Gordon Brown’s political strategy for the recession involves claiming that it came from America, that Britain is uniquely well placed to deal with it thanks to his policy decisions and that only he has the experience to see the country through this crisis. But as the Observer points out in its editorial today—entitled “It’s your recession, Mr Brown. Deal with it”—these claims are simply not accurate:
“The implication is that recession is a foreign ailment that the UK only contracted through its exposure to global financial markets.
But for a decade, the government promoted the City of London as the international centre of financial services. A financial boom poured cheap credit into the real economy, with Britons taking on vast levels of personal debt – more than in any other developed country. Loose money stoked a housing bubble bigger, according to the IMF, than the one that burst in the US, triggering the crisis. A disproportionate amount of British wealth is borrowed and tied up in assets whose value is falling; a disproportionate number of jobs are in services that are vulnerable to a fall in consumer demand. The credit crunch may have started abroad, but it was custom-made to hurt Britain.”
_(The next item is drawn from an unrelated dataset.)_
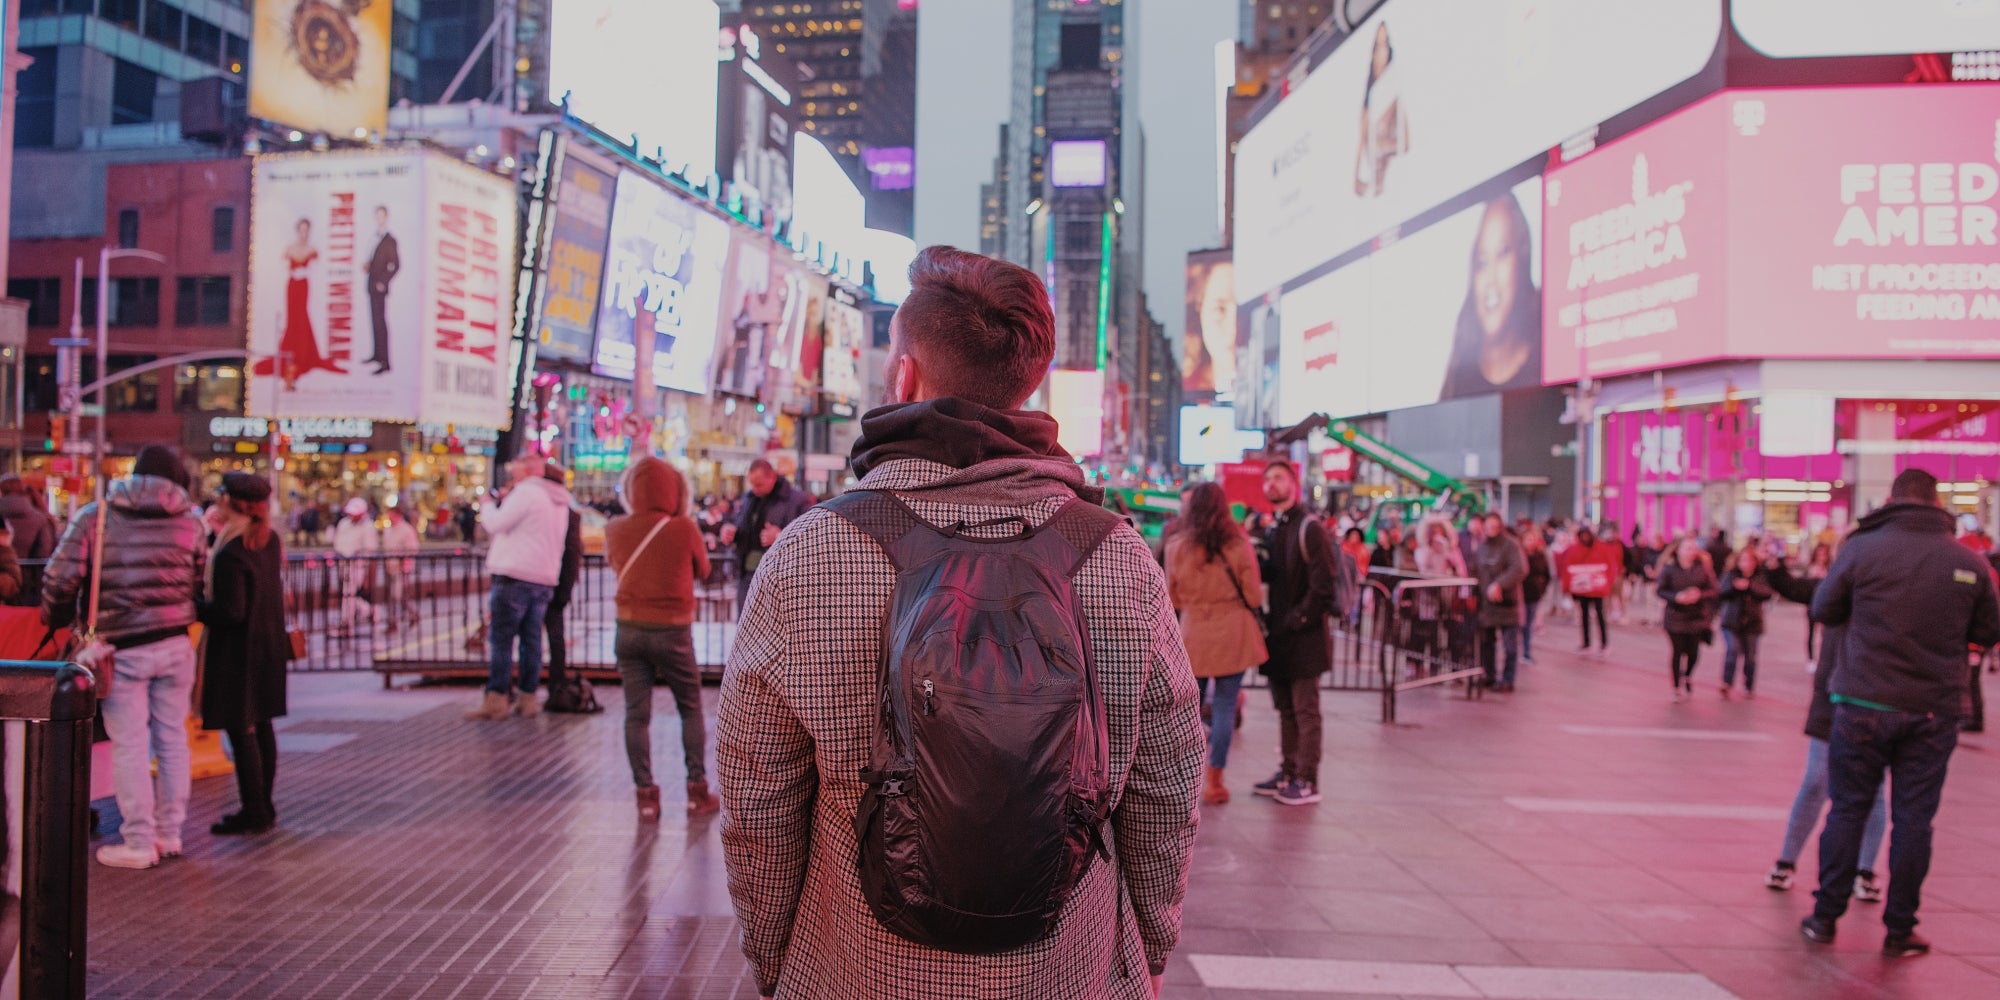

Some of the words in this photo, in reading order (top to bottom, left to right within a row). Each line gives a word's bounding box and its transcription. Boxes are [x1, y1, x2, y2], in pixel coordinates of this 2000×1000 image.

The Tories have done a poor job of getting this message across and tawdry business of yacht-gate has cost them valuable time, it will be a while yet before George Osborne is a credible messenger on the economy again. But they have a compelling case to make against Brown’s record. To let Brown get away with claiming that because he’s not solely responsible for the coming recession, he’s not responsible for it at all would be political malpractice by the Tories.